Bonded to the brick kiln
Bonded labour is the most common type of modern slavery in India affecting millions of people. Much goes unreported and some officials deny that there is any bonded labour. However it is estimated that there are between 10 to 15 million people in bonded labour in India.
Bonded labour or debt bondage is frequently found in India’s brick kilns, but it is also present in many other employment sectors including agriculture, textiles, silk production, bidi (Indian cigarettes), stone and marble quarries, fireworks, carpet manufacturing, matchstick production and mining.

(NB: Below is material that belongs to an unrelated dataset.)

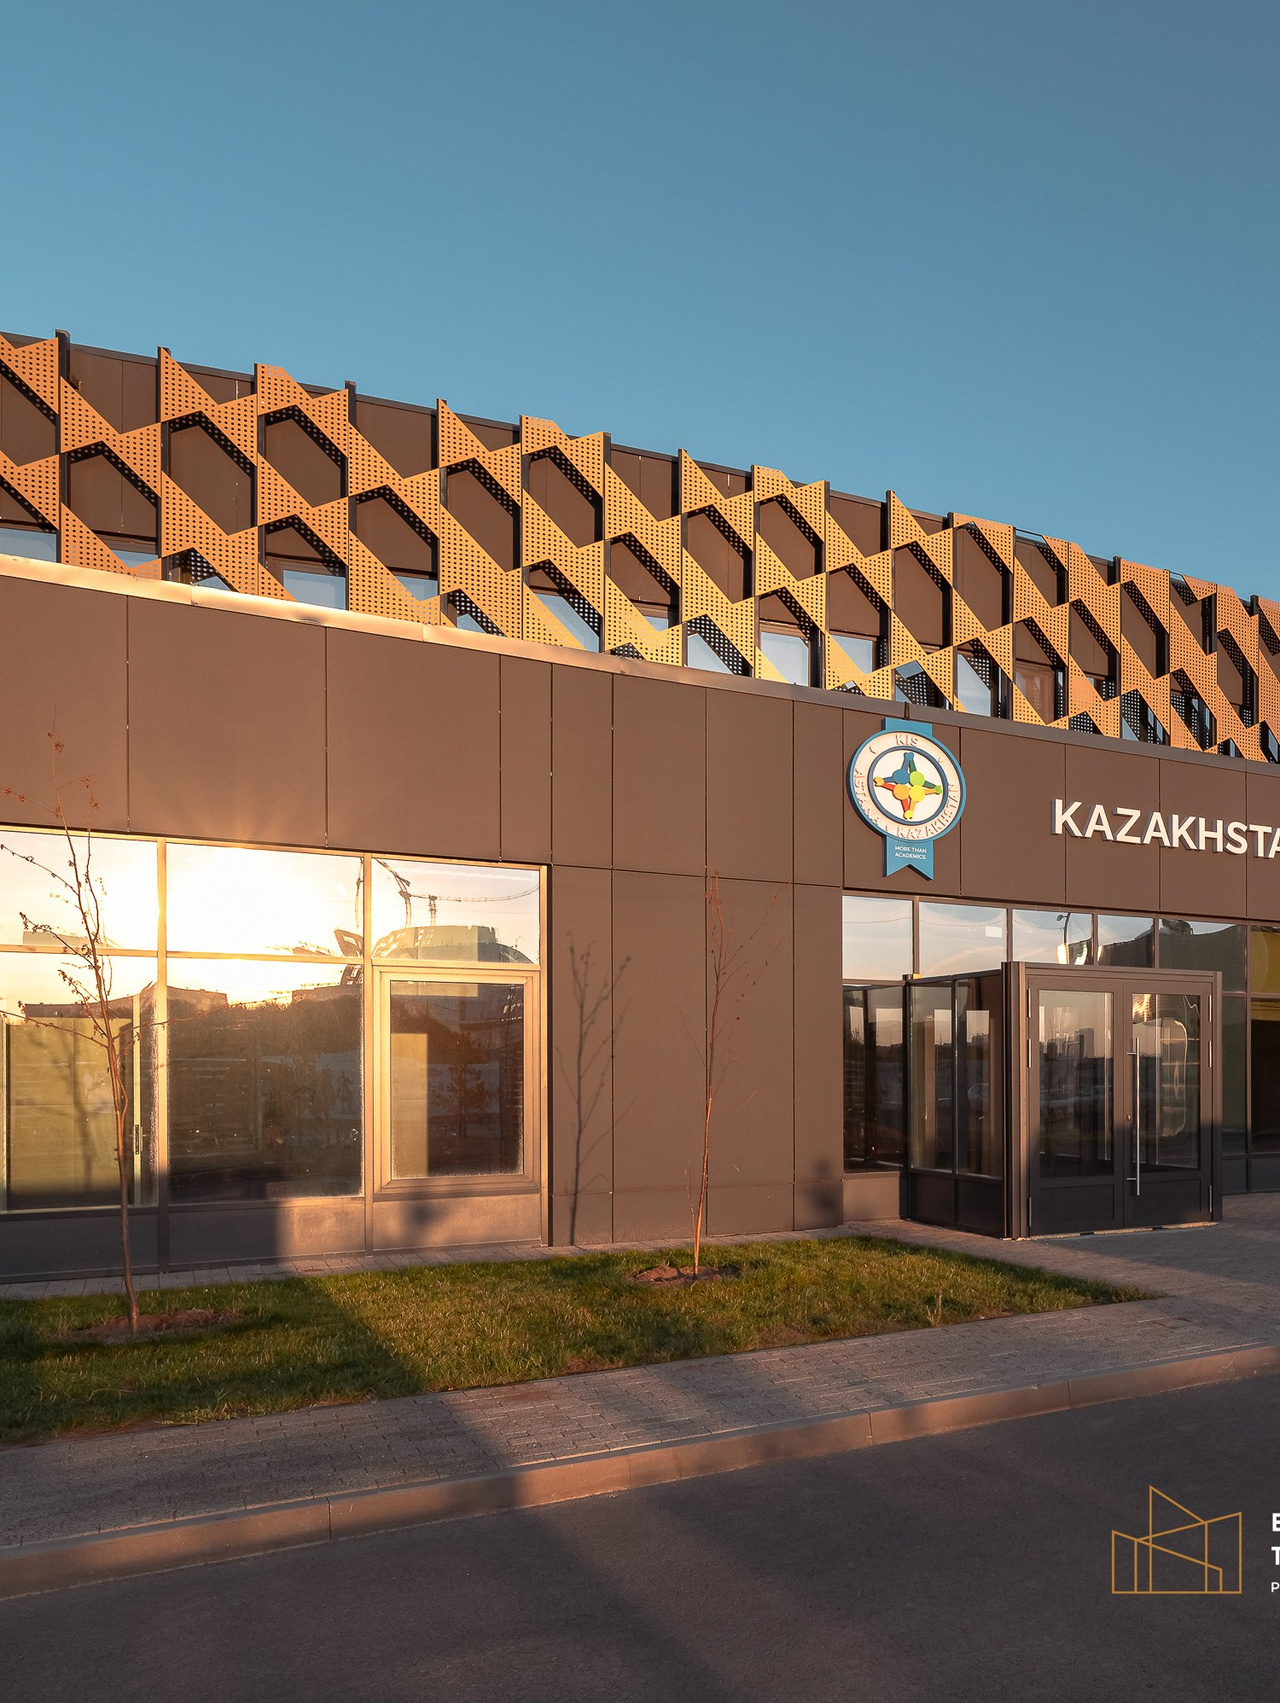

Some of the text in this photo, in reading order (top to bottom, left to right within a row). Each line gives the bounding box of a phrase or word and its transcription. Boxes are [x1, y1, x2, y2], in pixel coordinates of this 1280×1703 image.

Broken lives in India’s brick kilns
Each year after the rice harvest fails, 200,000 Dalits migrate from western Odisha to the brick kilns around Hyderabad. They migrate in order to pay off the 12,000 rupees (£120) advance given to them by a 'sardar' (labour contractor). As bonded labourers, the workers are, in effect, kept captive. They work 18 hours a day in hazardous conditions, living on-site in shanty huts with no toilets or drinking water. Women often suffer sexual harassment from 'sardars' and owners.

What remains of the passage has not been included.